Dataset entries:
= Beginning of Section =

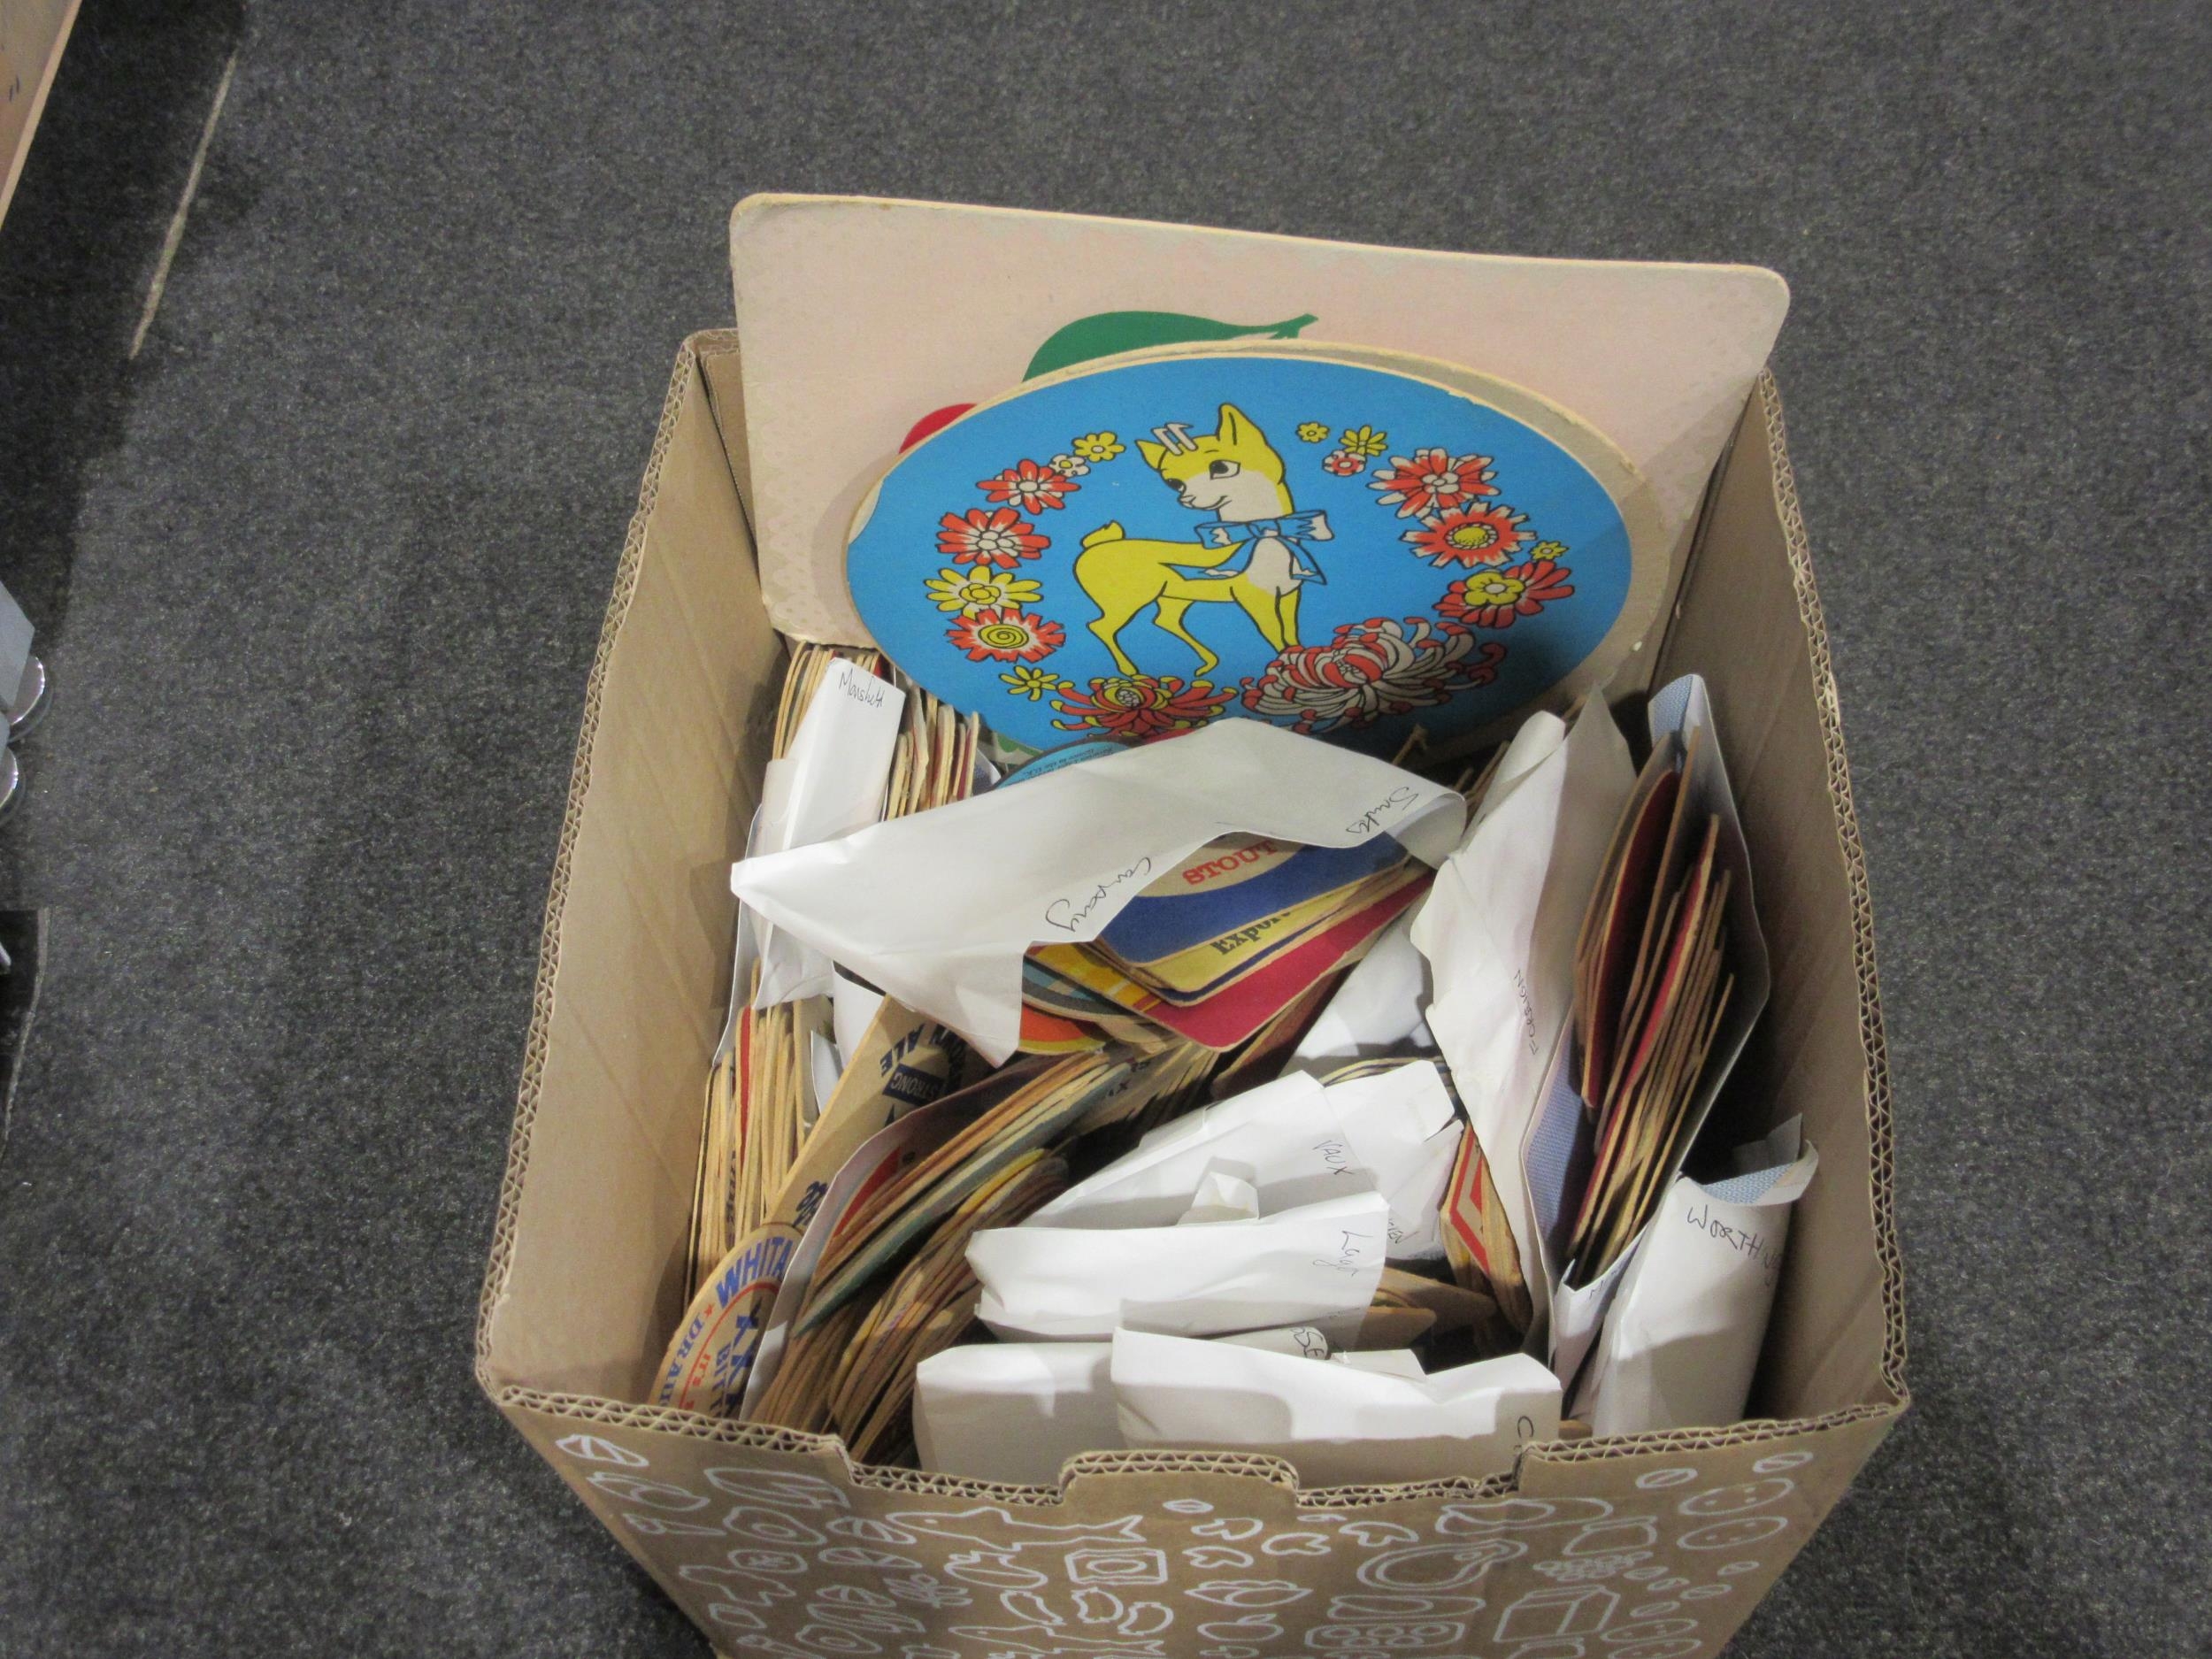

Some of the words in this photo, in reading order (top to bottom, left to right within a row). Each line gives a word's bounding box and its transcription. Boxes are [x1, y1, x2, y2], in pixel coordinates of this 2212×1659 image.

[1182, 840, 1279, 885] STOUT
[1210, 911, 1291, 956] Expo
[879, 1023, 926, 1078] ALE
[891, 1071, 939, 1099] STRONG
[1312, 1139, 1355, 1175] VAUX
[716, 1236, 794, 1310] WHITA
[658, 1312, 705, 1409] DRAU
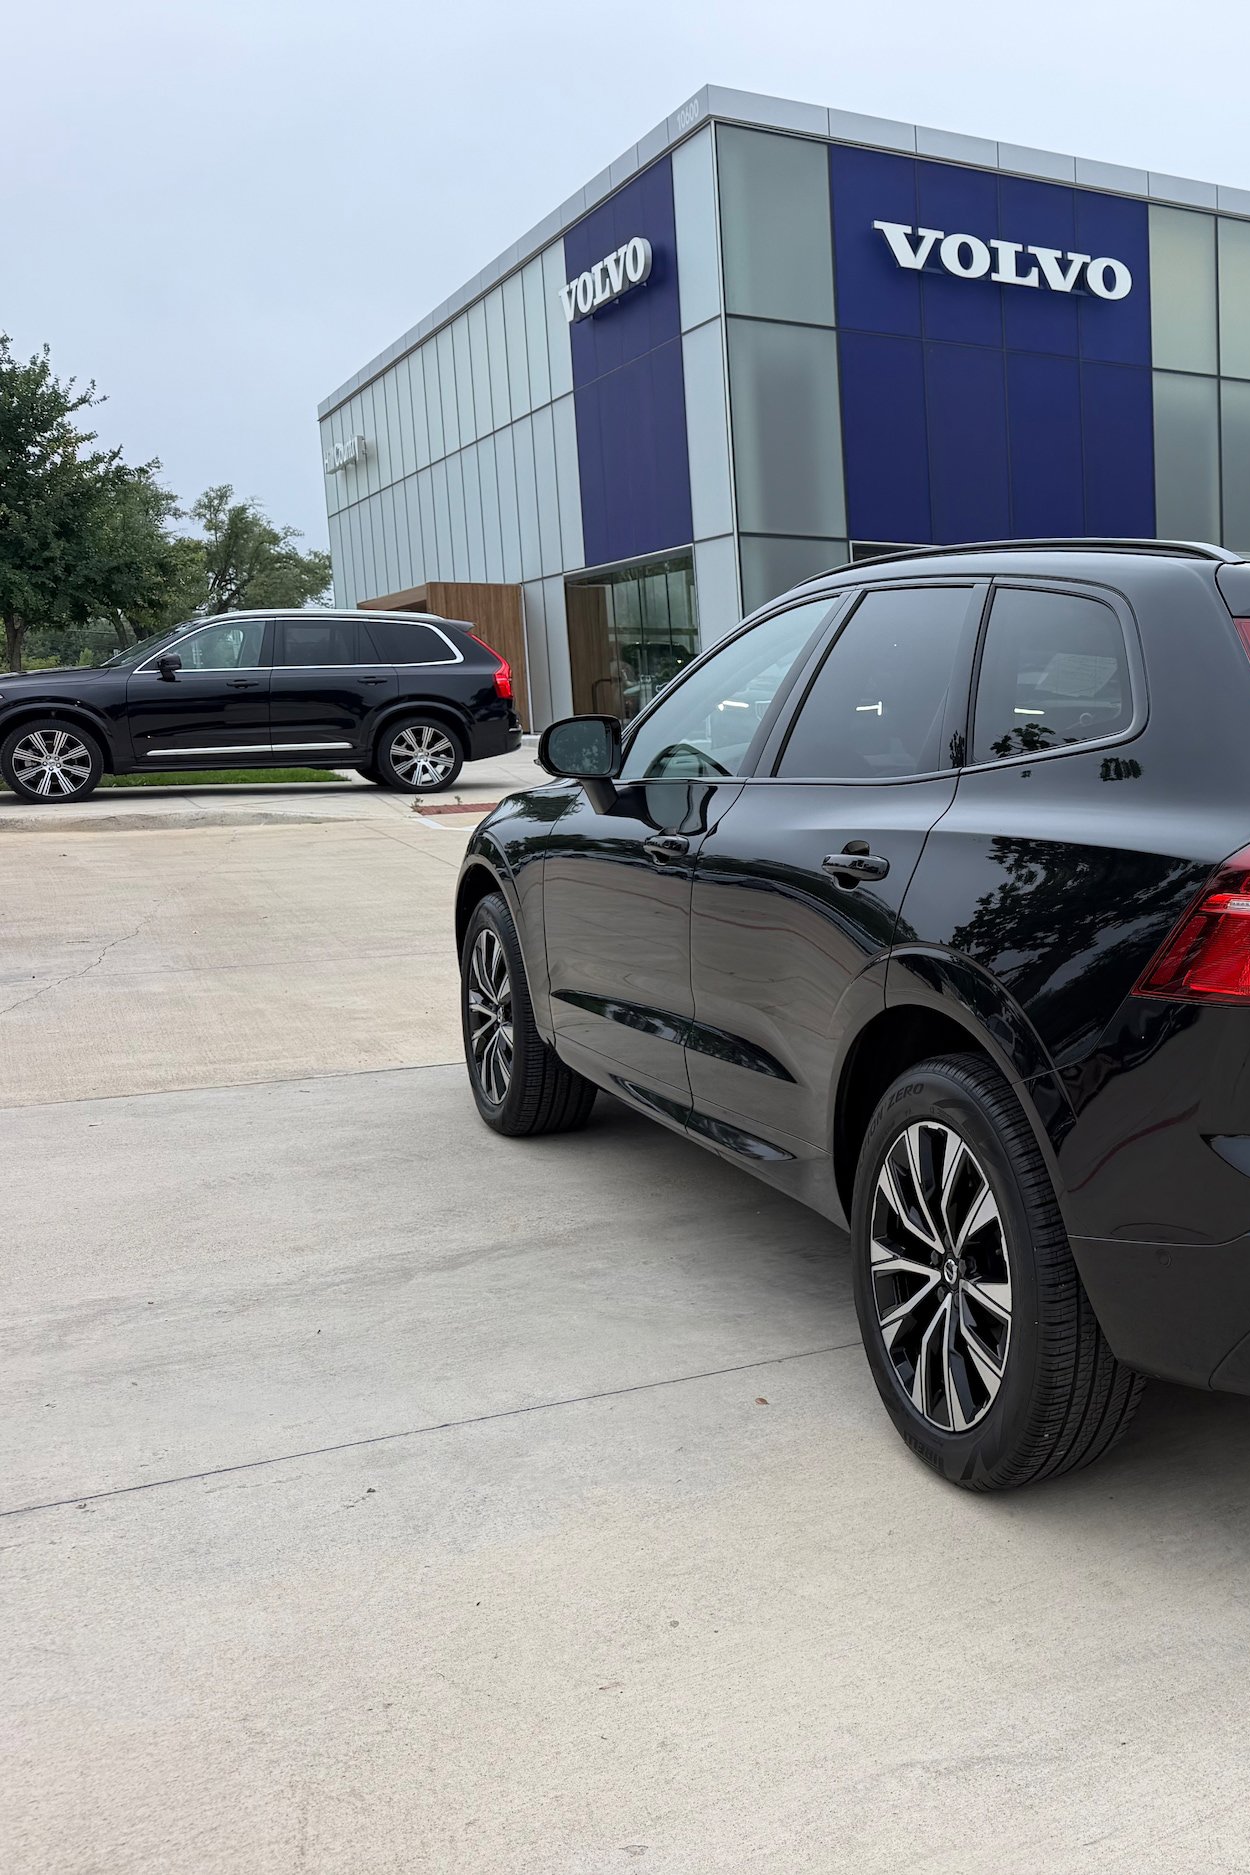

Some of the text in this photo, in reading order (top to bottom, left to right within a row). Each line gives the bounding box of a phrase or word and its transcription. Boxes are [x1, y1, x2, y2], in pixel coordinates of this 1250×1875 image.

[677, 98, 699, 131] 10600
[558, 236, 651, 323] VOLVO
[873, 219, 1133, 301] VOLVO
[886, 1083, 925, 1112] ZERO
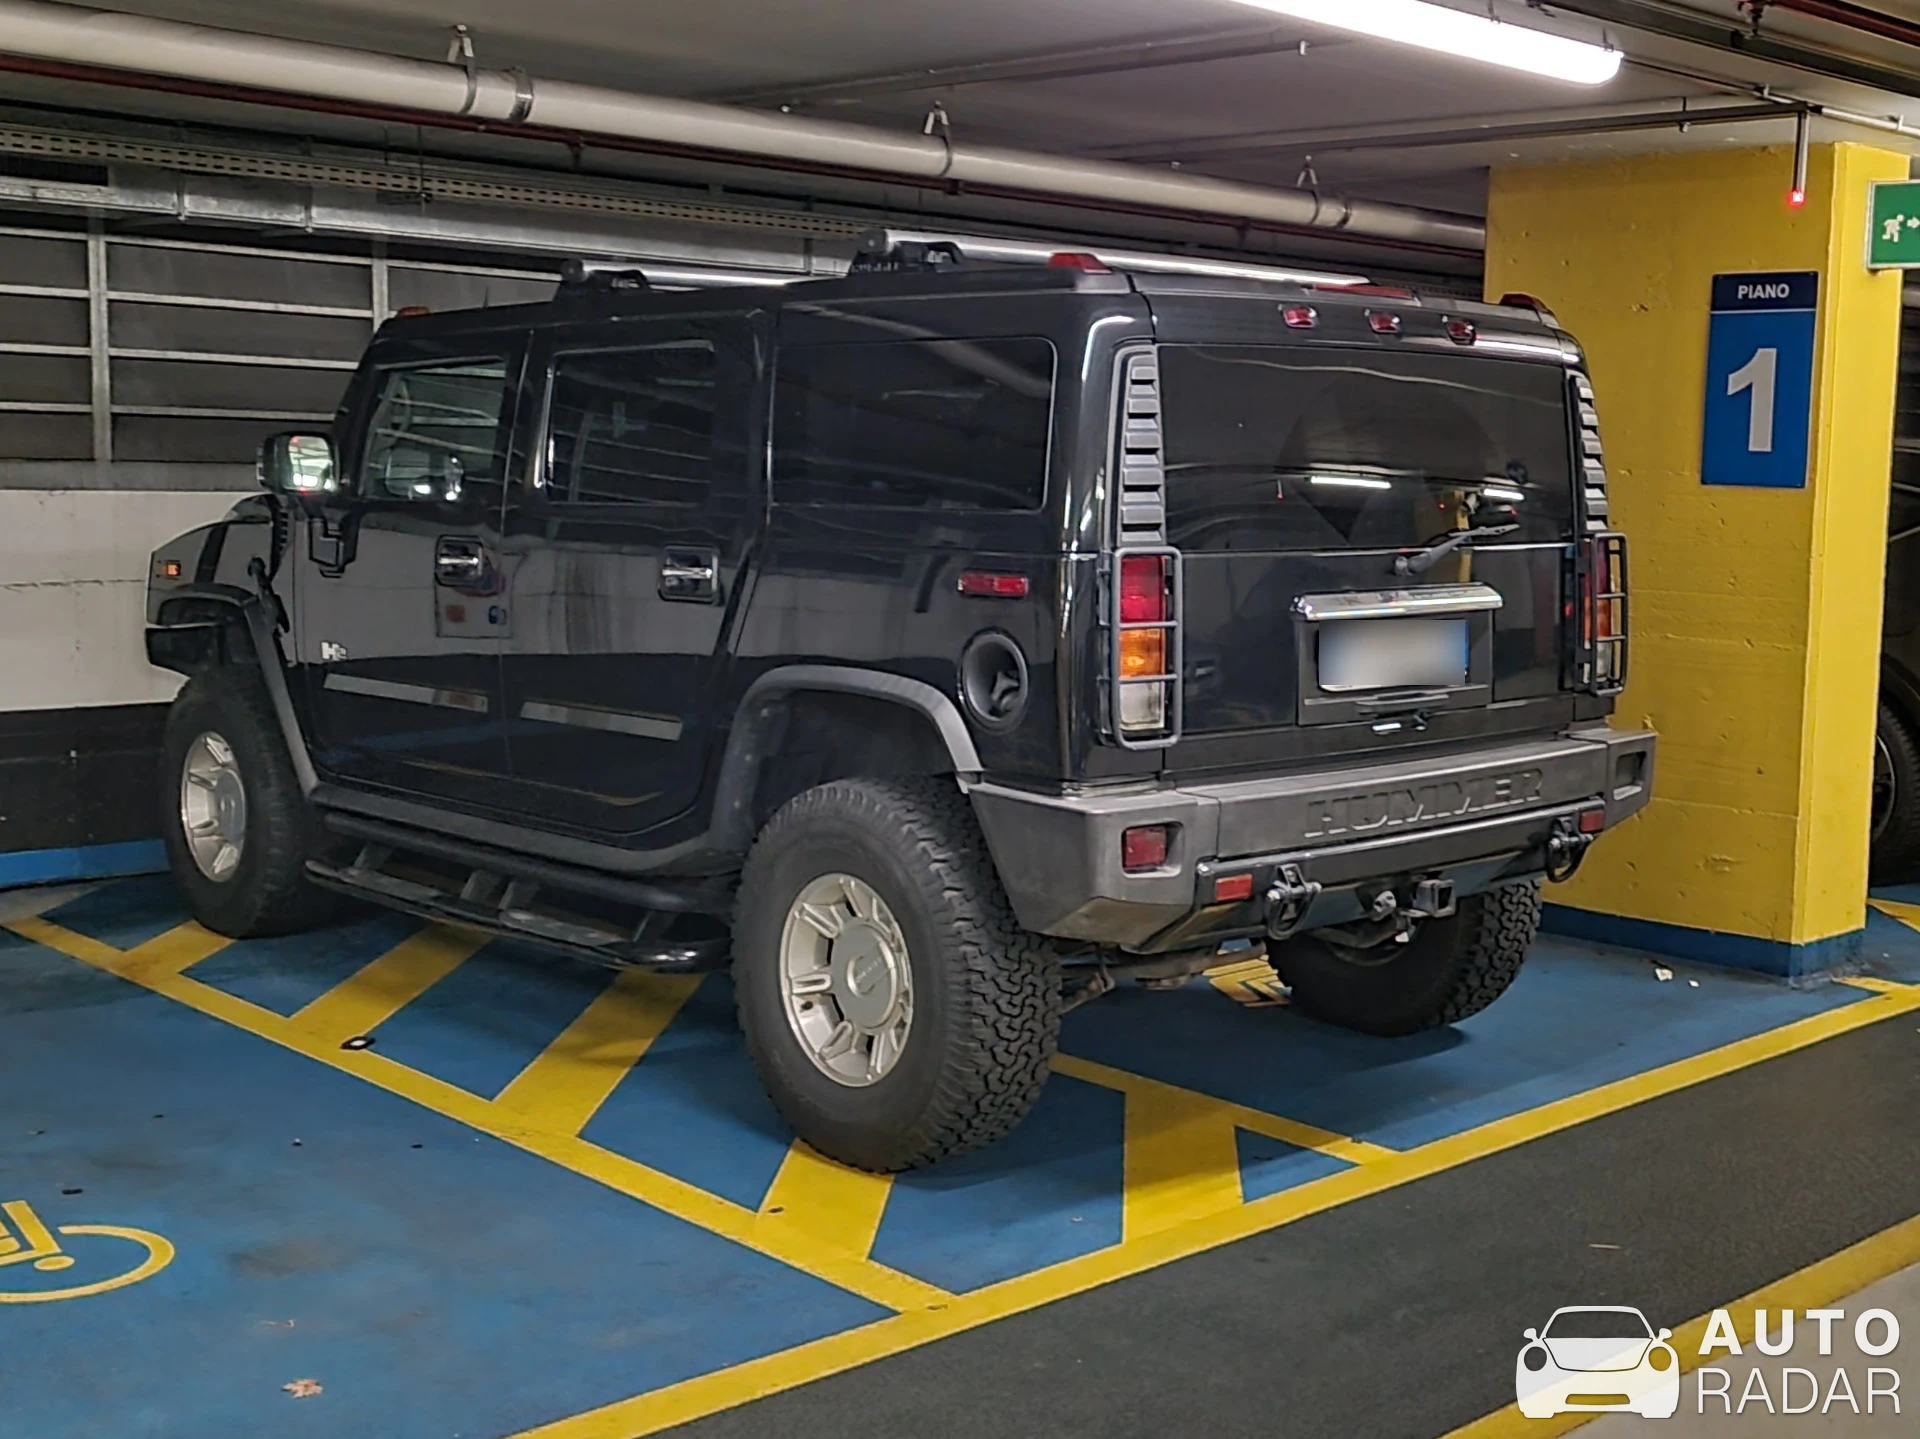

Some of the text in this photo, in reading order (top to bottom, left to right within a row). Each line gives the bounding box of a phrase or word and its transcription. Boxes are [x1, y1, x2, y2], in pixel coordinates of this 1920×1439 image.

= End of Section =

* WHAT THIS TASK INVOLVES *
The data needs to be reproduced exactly, please, apart from its pictures.

* TASK OUTPUT *
Some of the words in this photo, in reading order (top to bottom, left to right within a row). Each line gives a word's bounding box and its transcription. Boxes are [x1, y1, x2, y2], in pixel coordinates of this 2212×1659 image.

[1182, 840, 1279, 885] STOUT
[1210, 911, 1291, 956] Expo
[879, 1023, 926, 1078] ALE
[891, 1071, 939, 1099] STRONG
[1312, 1139, 1355, 1175] VAUX
[716, 1236, 794, 1310] WHITA
[658, 1312, 705, 1409] DRAU

Some of the text in this photo, in reading order (top to bottom, left to right within a row). Each line gives the bounding box of a phrase or word and its transcription. Boxes are [x1, y1, x2, y2], in pixel coordinates of this 1250×1875 image.

[677, 98, 699, 131] 10600
[558, 236, 651, 323] VOLVO
[873, 219, 1133, 301] VOLVO
[886, 1083, 925, 1112] ZERO

Some of the text in this photo, in reading order (top to bottom, left to right within a row). Each line gives the bounding box of a phrase or word and its transcription. Boxes are [x1, y1, x2, y2], in pixel coordinates of this 1920×1439 image.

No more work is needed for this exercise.